La Tribuna di Treviso
- Type: Daily newspaper
- Owner(s): Gruppo Editoriale L'Espresso
- Publisher: Finegil Editoriale (part of Gruppo Editoriale L'Espresso)
- Founded: 1978; 47 years ago
- Political alignment: Independent
- Language: Italian
- Headquarters: Treviso
- Country: Italy
- Website: tribunatreviso.gelocal.it/treviso

= La Tribuna di Treviso =

Italian daily newspaper

La Tribuna di Treviso is an Italian language regional daily newspaper published in Treviso, Italy.
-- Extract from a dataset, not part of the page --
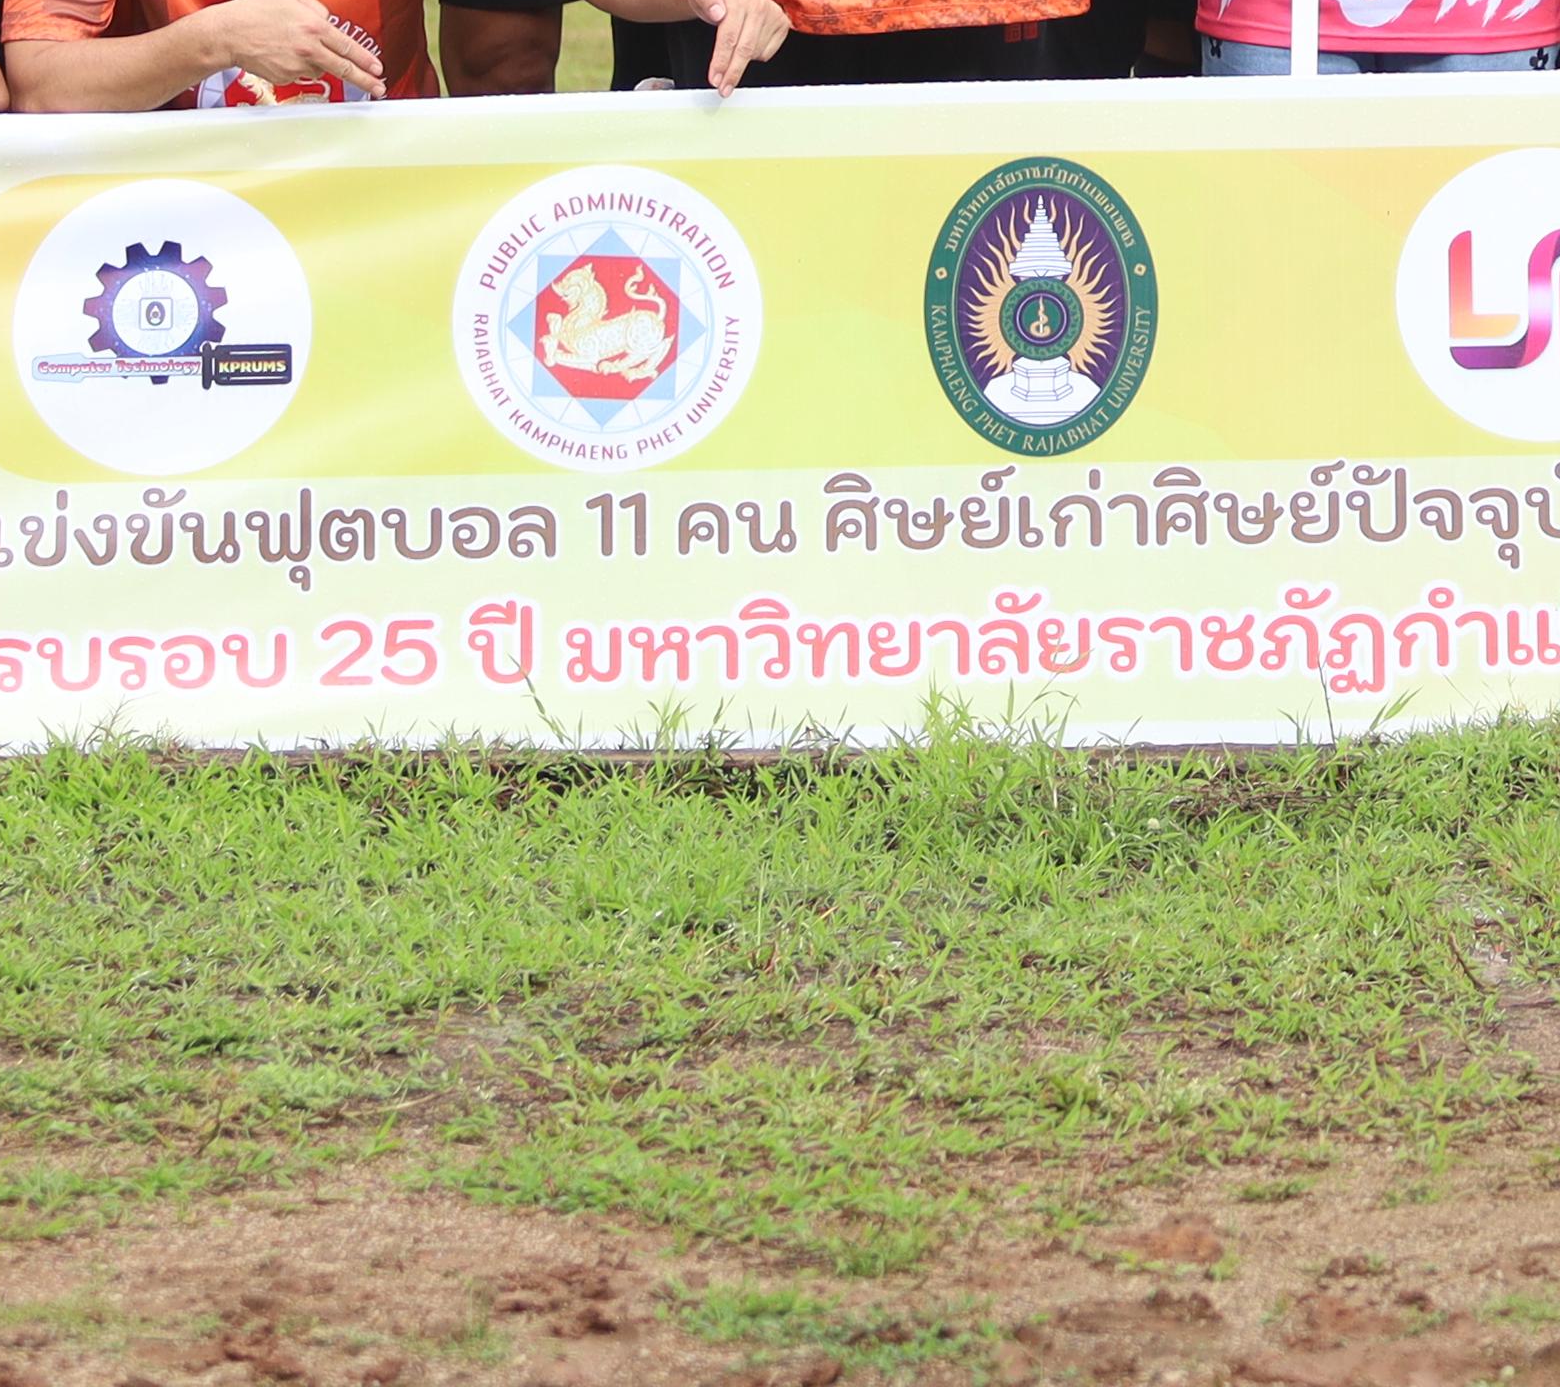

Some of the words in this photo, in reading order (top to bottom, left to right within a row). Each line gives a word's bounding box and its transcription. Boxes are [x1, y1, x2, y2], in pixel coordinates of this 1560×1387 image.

It has been in circulation since 1978.

==History and profile==
La Tribuna di Treviso was started in 1978. The paper is based in Treviso. Gruppo Editoriale L'Espresso is the owner of the paper, which is published by Finegil Editoriale S.p.A. It has an independent political stance. Its sister newspapers are Il Mattino di Padova, La Nuova Venezia and Il Corriere delle Alpi. The Padovan newspaper Il Mattino di Padova provides the national and regional content for La Tribuna di Treviso.

In 2014, Gruppo Espresso, the owner of La Tribuna di Treviso, claimed a circulation of 13,400 copies for the paper.